The Quick Info is your source of truth.
This is the part most people miss. Every prompt in this course needs to know two things: what the prompt is asking AI to do, and the specific business context to do it with. The first part is in the template I give you. The second part comes from you.
In Module 3, you fill out the Quick Info tab in your workbook. Your business name. Your primary city. Your services. Your ideal customer. Your brand voice. Your competitors. Your existing reviews. The pieces a real strategist would ask for if they were taking over your account.
That Quick Info becomes the input layer for every prompt downstream. When a prompt says "paste your business information here," that is what you paste. You build it once, update it occasionally, and reuse it every time you run a prompt for the rest of your business life.
Rush it, and every prompt that follows produces generic output. Build it carefully, and every prompt produces work that sounds like your business, speaks to your buyer, and points at your city.
In Module 3 you also build a Claude Project — a workspace where your Quick Info lives permanently. Once it is set up, you do not paste your business information into every prompt. The project already knows. You open it, paste the prompt template, and you are done. That is the difference between using AI like a tool and using AI like a co-pilot.
How to know you are doing it right.
Two checks.
If you finished the lesson and you do not have a clear next action, go back and re-watch the last two minutes. Every lesson is designed to end with something you can do, not something you can think about.
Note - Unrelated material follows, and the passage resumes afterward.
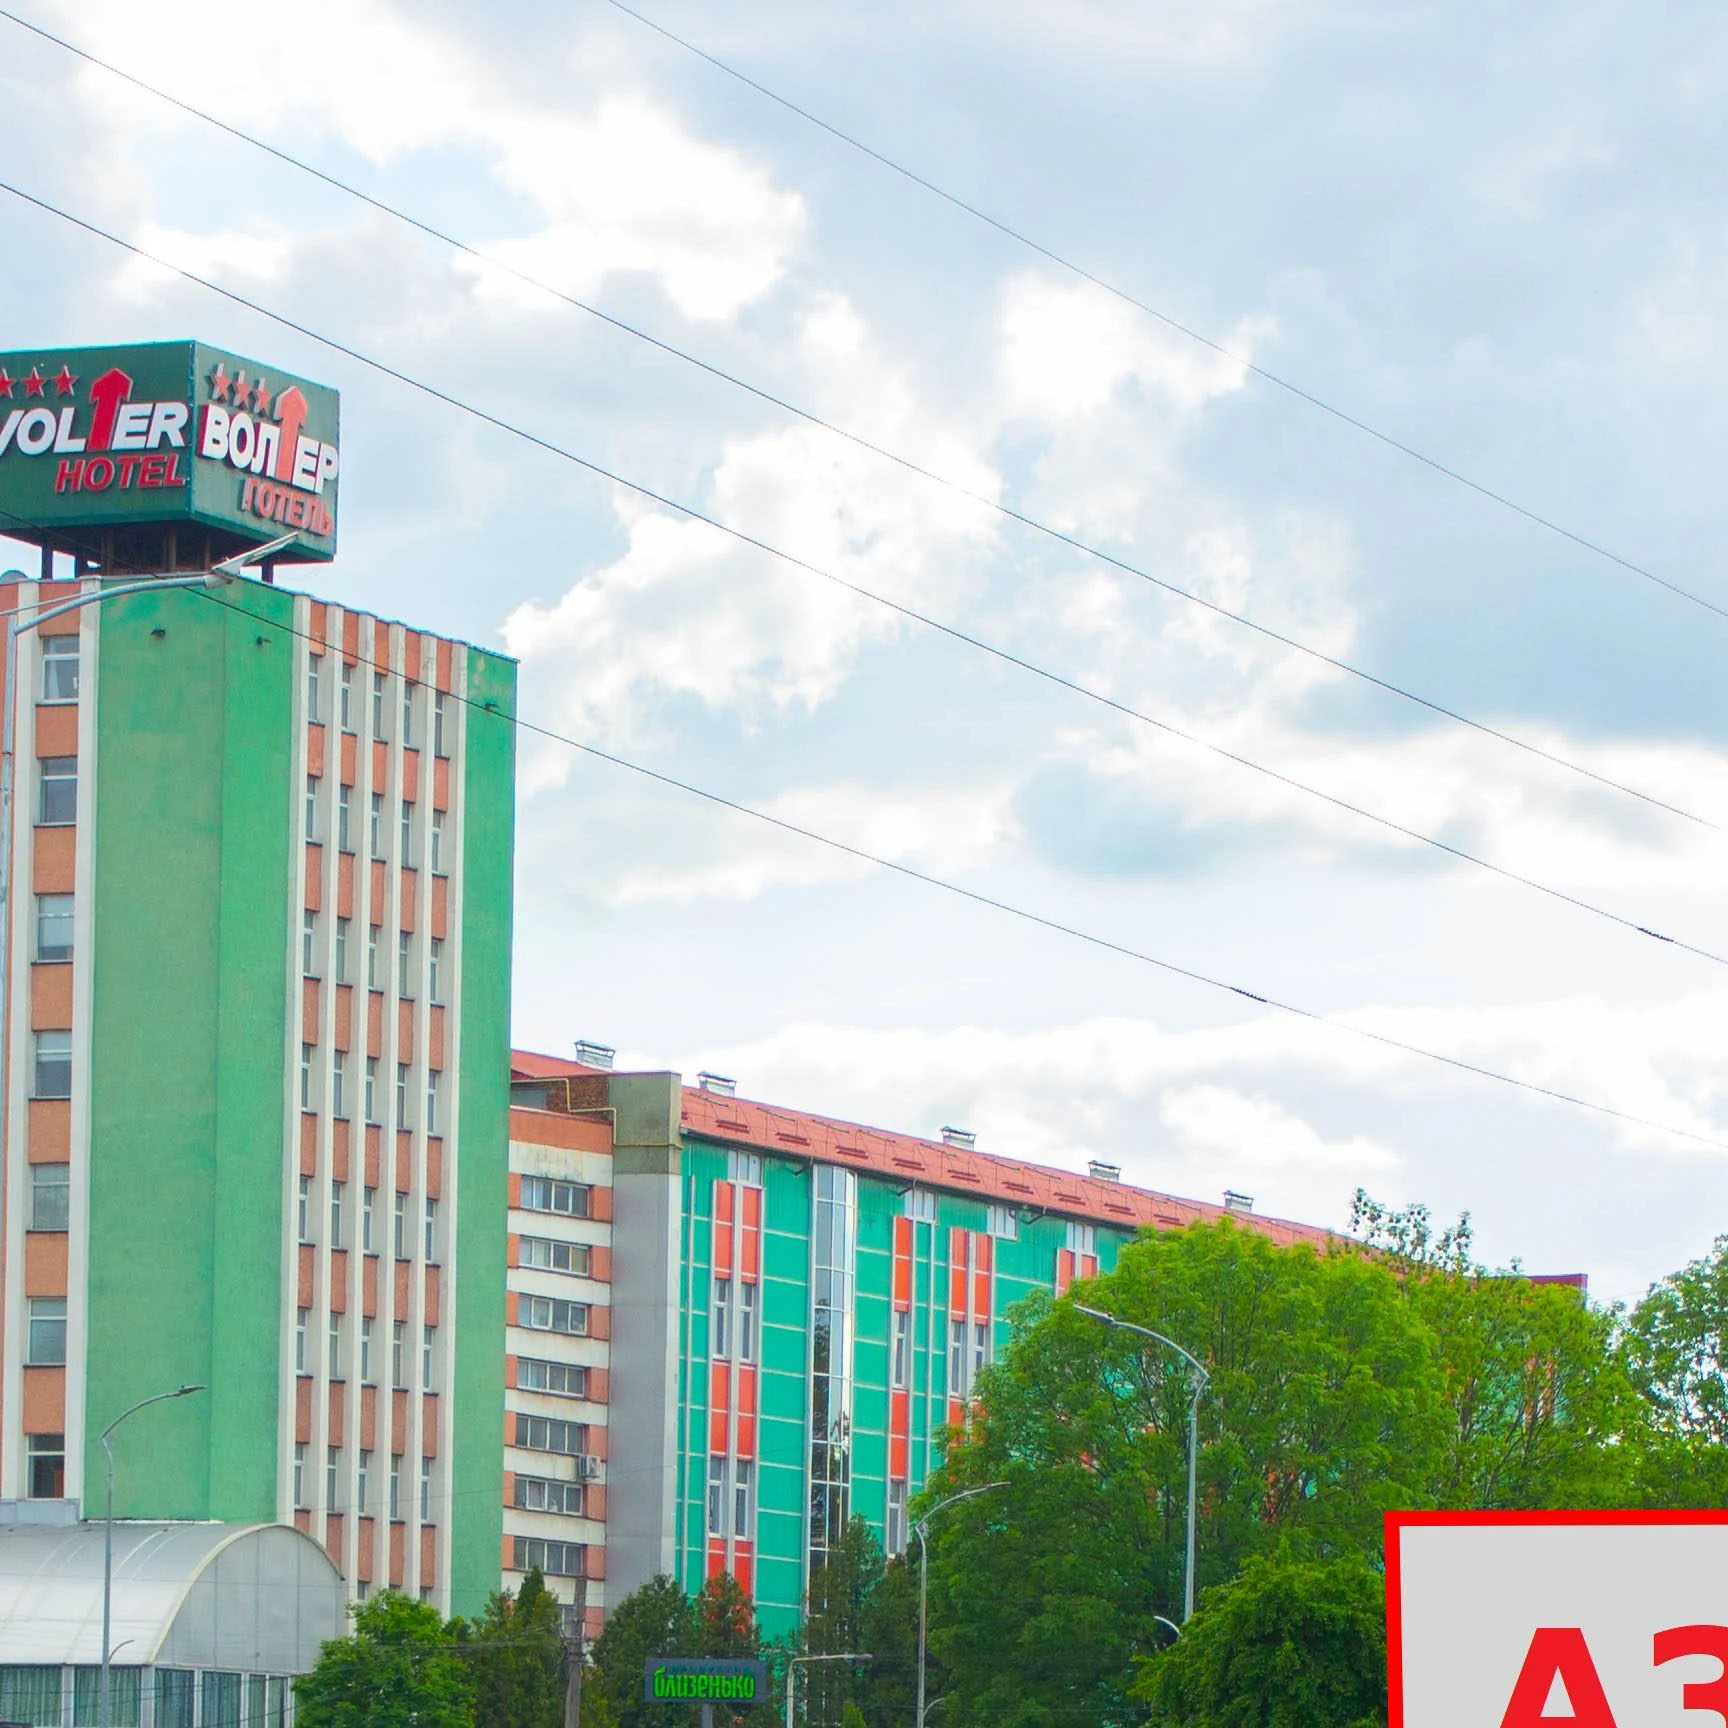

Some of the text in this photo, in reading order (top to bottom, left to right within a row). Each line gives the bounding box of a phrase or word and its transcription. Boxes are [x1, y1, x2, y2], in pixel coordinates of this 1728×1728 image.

If you are thinking and not doing, you missed the action item.
If you ran the prompt and the output is generic, vague, or could belong to any business in your industry, your Quick Info is not strong enough yet. Go back to Module 3 and add specificity. The prompt is doing what it can with what you gave it.
Specificity in, specificity out. That is the whole game.
Modules 1 and 2 set the mental model and protect your profile. Module 3 builds your Quick Info and Claude Project — the most leveraged hour of work in the course. Modules 4–7 build the five layers of your visibility system. 8 and 9 teach you to read the data and the map. 10–13 align your website, build your content engine, fact-check what you publish, and execute a 30-day plan.
When you finish, you will not have notes. You will have a working system. Do your three Quick Info sections now, and I will see you in Module 1.
The vocabulary that follows you.
- Module
- A big chapter of the course. One module is one piece of your local visibility system.
- Lesson
- A short unit inside a module. It teaches one specific thing and ends with one specific action.
- Prompt
- A reusable instruction you run in an AI tool. Prompts are the part of the course that produces your deliverables.
- Quick Info
- Your master record of business facts and language. The source of truth every prompt pulls from.
- Claude Project
- A persistent AI workspace that holds your business context so you stop re-explaining it.
- Deliverable
- A real output you publish to your business, such as your description, services list, or playbook.
Three Quick Info sections — from memory, now.
Open your workbook to the Quick Info tab and complete these three from memory. No research required.
Legal name, address or service area, phone, website, email, year founded.
Three to five businesses you actually lose customers to — not just anyone in your industry.
Three adjectives for how you sound, plus the words you would never use.